▶ _TASK ITEM_
Please reproduce the records exactly, leaving out any pictures.

▶ _Dataset records_

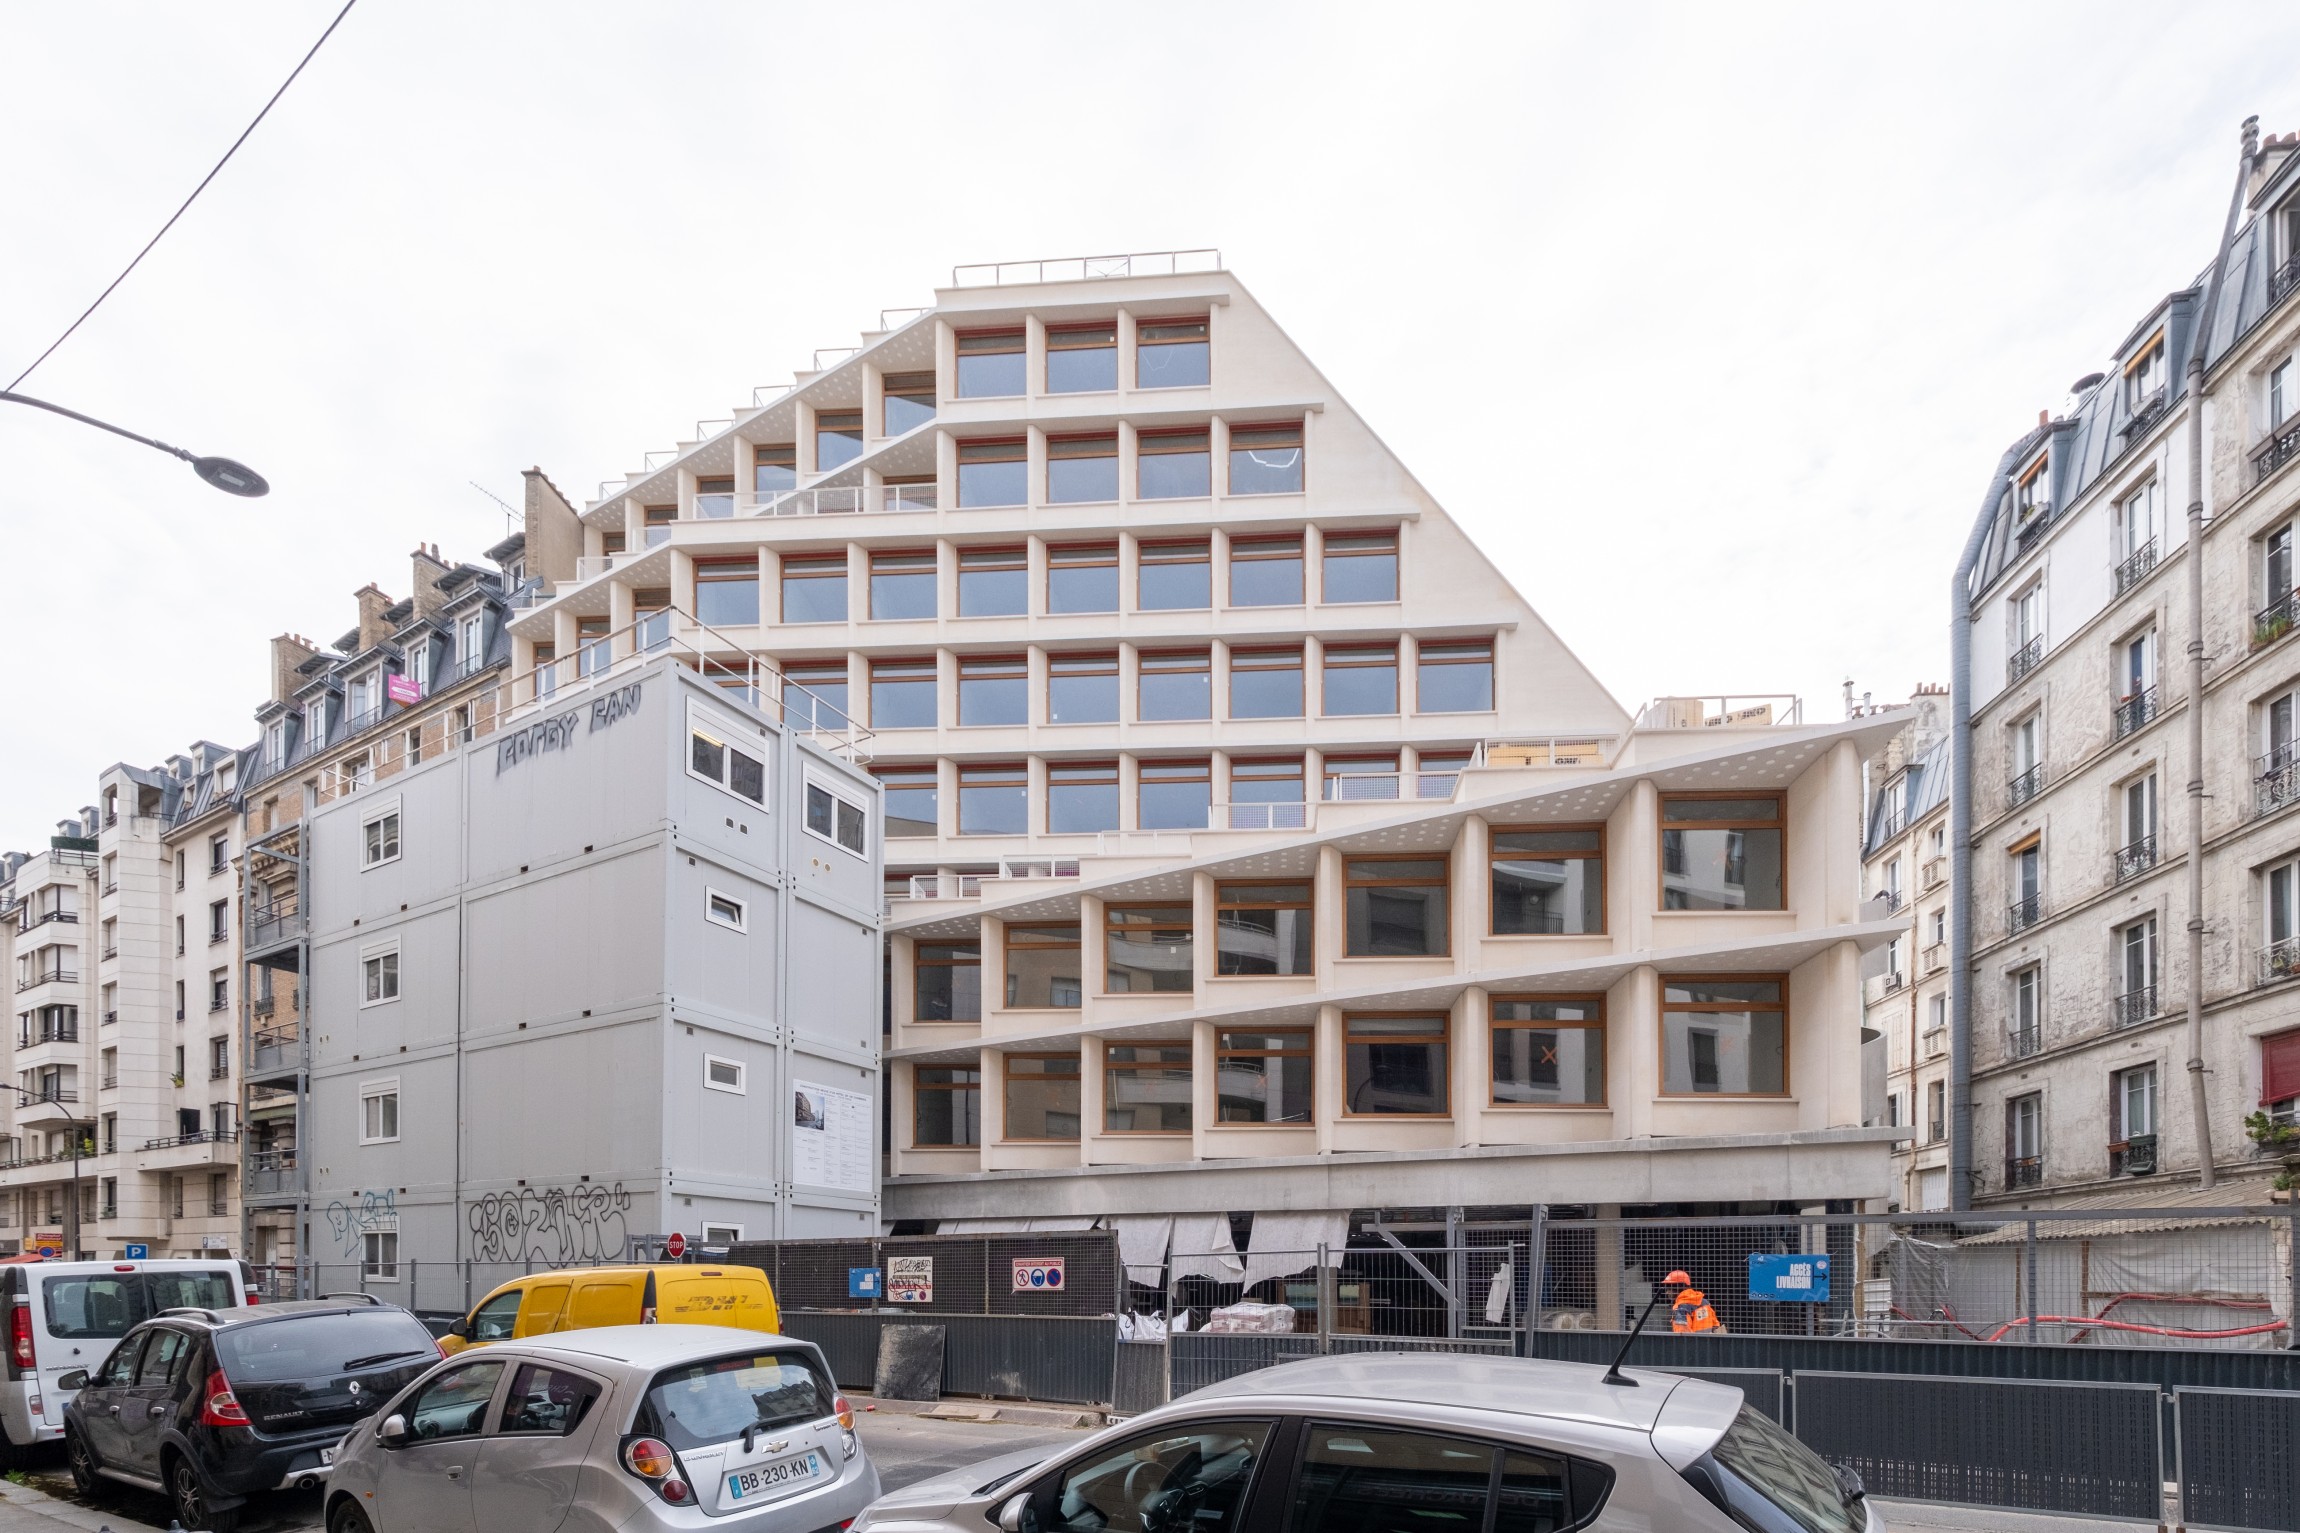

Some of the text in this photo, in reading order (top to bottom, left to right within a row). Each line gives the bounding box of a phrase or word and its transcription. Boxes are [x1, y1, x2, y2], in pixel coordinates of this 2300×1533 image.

[670, 1241, 683, 1249] STOP
[131, 1247, 142, 1257] P
[1789, 1262, 1811, 1276] ACCÈS
[1776, 1275, 1811, 1289] LIVRAISON
[263, 1410, 304, 1421] RENAULT
[740, 1459, 809, 1491] BB-230-KN

▶ _SOLUTION FOR THIS EXERCISE_
Some of the text in this photo, in reading order (top to bottom, left to right within a row). Each line gives the bounding box of a phrase or word and its transcription. Boxes are [x1, y1, x2, y2], in pixel coordinates of this 2300×1533 image.

[670, 1241, 683, 1249] STOP
[131, 1247, 142, 1257] P
[1789, 1262, 1811, 1276] ACCÈS
[1776, 1275, 1811, 1289] LIVRAISON
[263, 1410, 304, 1421] RENAULT
[740, 1459, 809, 1491] BB-230-KN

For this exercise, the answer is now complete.